II – permitir ou concorrer para que pessoa física ou jurídica privada utilize bens, rendas, verbas ou valores integrantes do acervo patrimonial das entidades mencionadas no art. 1º desta Lei, sem a observância das formalidades legais ou regulamentares aplicáveis à espécie;

(…)

IX – ordenar ou permitir a realização de despesas não autorizadas em lei ou regulamento;

X – agir negligentemente na arrecadação de tributo ou renda, bem como no que diz respeito à conservação do patrimônio público;

(…)

XII – permitir, facilitar ou concorrer para que terceiro se enriqueça ilicitamente;

(…)

Por conta de tudo o que se expôs, estão os réus sujeitos às sanções estabelecidas no artigo 12 da LIA, que melhor se apontará no item “do pedido”.

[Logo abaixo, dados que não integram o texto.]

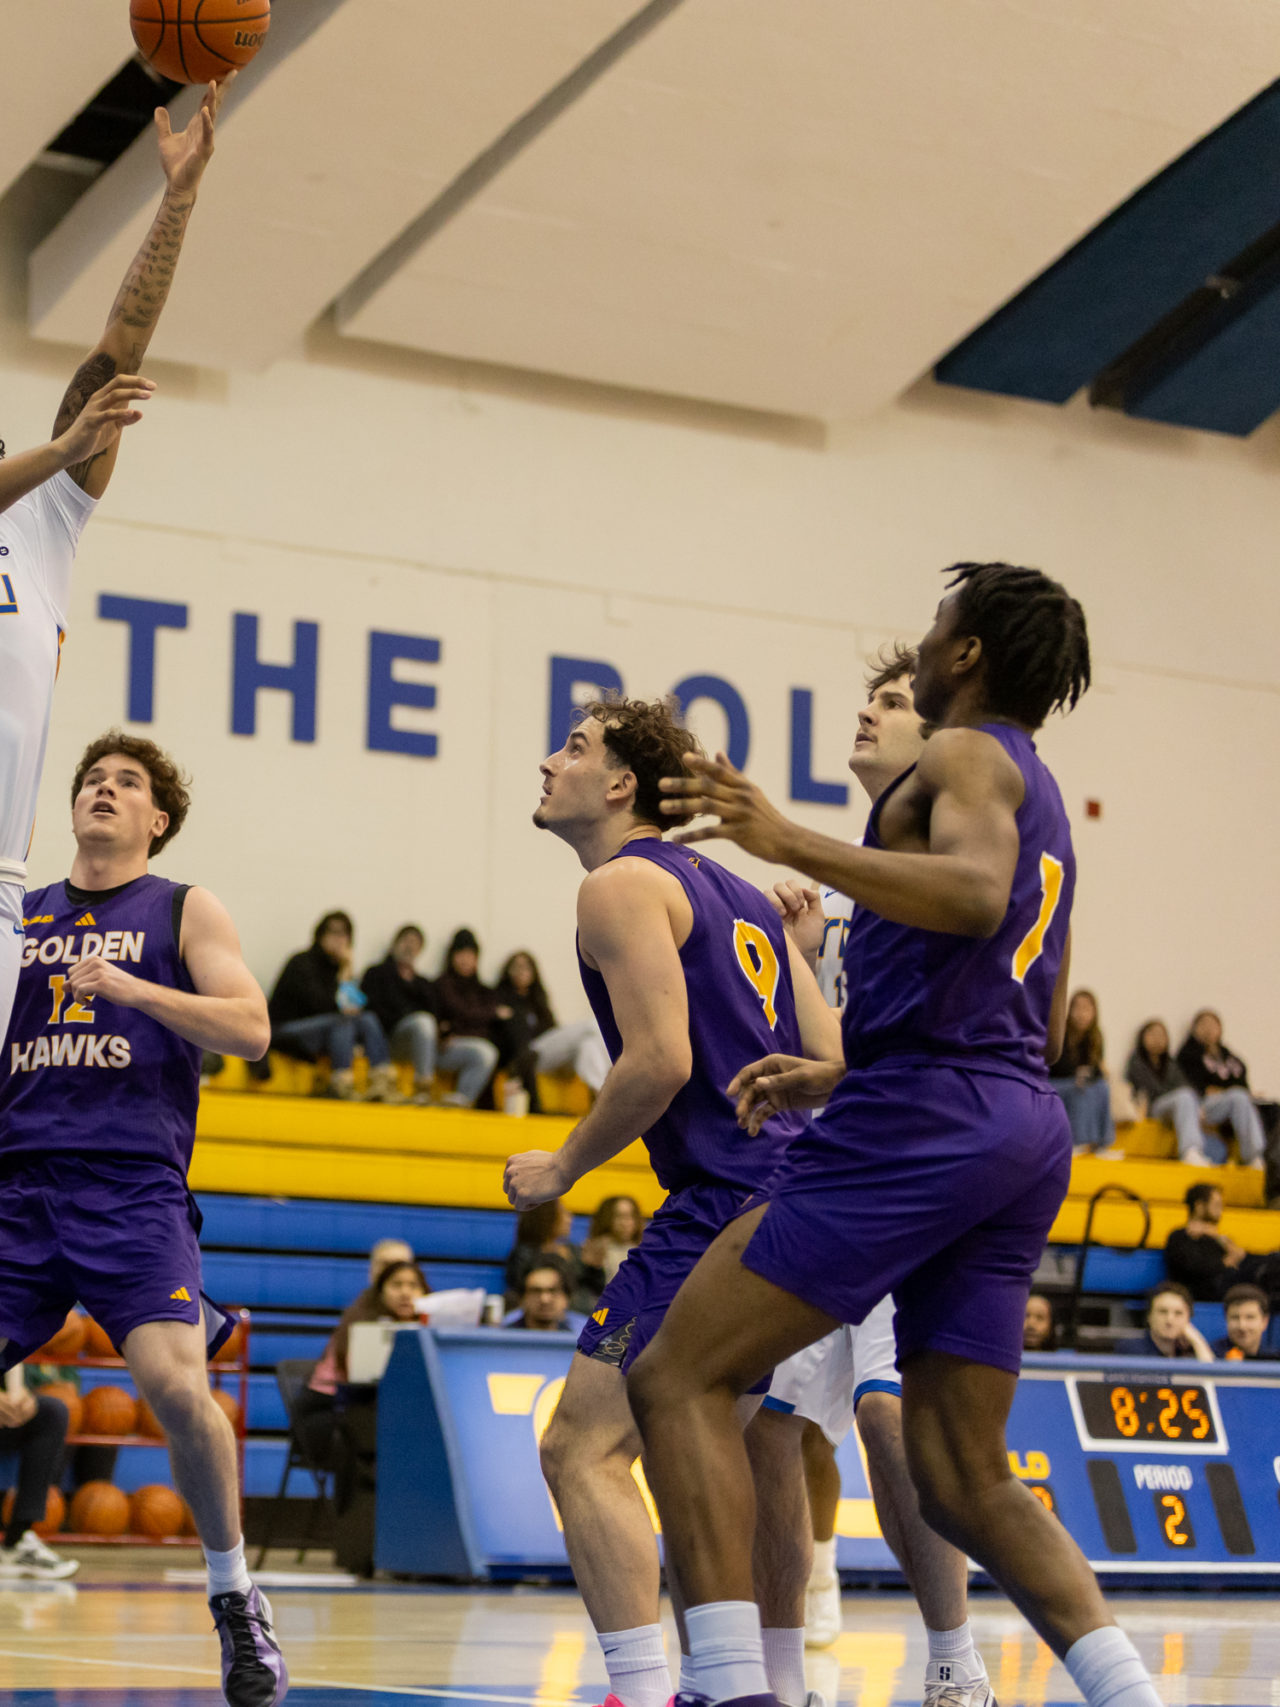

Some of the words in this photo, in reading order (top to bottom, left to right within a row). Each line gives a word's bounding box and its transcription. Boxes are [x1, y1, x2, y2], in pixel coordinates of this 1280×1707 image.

[97, 592, 441, 759] THE
[1011, 850, 1065, 985] 1
[21, 931, 145, 968] GOLDEN
[733, 918, 780, 1032] 9
[10, 1033, 132, 1076] HAWKS
[1110, 1386, 1210, 1439] 8:25
[1132, 1464, 1194, 1491] PERIOD
[1161, 1494, 1188, 1545] 2

DA INDISPONIBILIDADE DOS BENS

Pela primeira vez em nossa história Constitucional o princípio da moralidade encontrou previsão expressa no Texto Magno, apesar de admitir-se sua existência implícita nas Constituições anteriores, demonstrando a preocupação do Constituinte de 88 com a proteção da probidade na administração pública.

No artigo 37, parágrafo 4º. da Carta Política percebe-se a severidade com que a Constituição quis reprimir as transgressões à probidade administrativa.

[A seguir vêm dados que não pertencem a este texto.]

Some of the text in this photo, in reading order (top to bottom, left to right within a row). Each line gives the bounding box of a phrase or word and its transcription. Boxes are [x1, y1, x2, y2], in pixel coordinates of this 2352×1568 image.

As condutas dos requeridos subsumem-se as disposições dos artigos 9° e 10 da Lei nº 8.429/92, impondo-lhes a obrigação de reparar o dano causado ao patrimônio público, nos exatos termos do art. 12, incisos I e II, do diploma legal citado.

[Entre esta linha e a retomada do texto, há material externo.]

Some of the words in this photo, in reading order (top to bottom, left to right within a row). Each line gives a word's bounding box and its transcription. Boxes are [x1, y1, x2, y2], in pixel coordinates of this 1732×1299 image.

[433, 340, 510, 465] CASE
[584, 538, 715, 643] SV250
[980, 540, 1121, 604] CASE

Logo, se estão presentes os pressupostos necessários – o vestígio do bom direito e o perigo da demora – imperativo que se requeira expedição da ordem liminar, sem notificação prévia, até porque esta frustraria o sentido da medida, de acordo com o artigo 12 da Lei nº 7.347/85, no sentido de que os requeridos tenham seus bens colocados em indisponibilidade, medida que não lhes trará nenhum dano e salvaguardará o interesse público.

Ademais, impende analisar a necessidade da presença do requisito do “periculum in mora” para o deferimento de liminar em ação civil pública por ato de improbidade administrativa.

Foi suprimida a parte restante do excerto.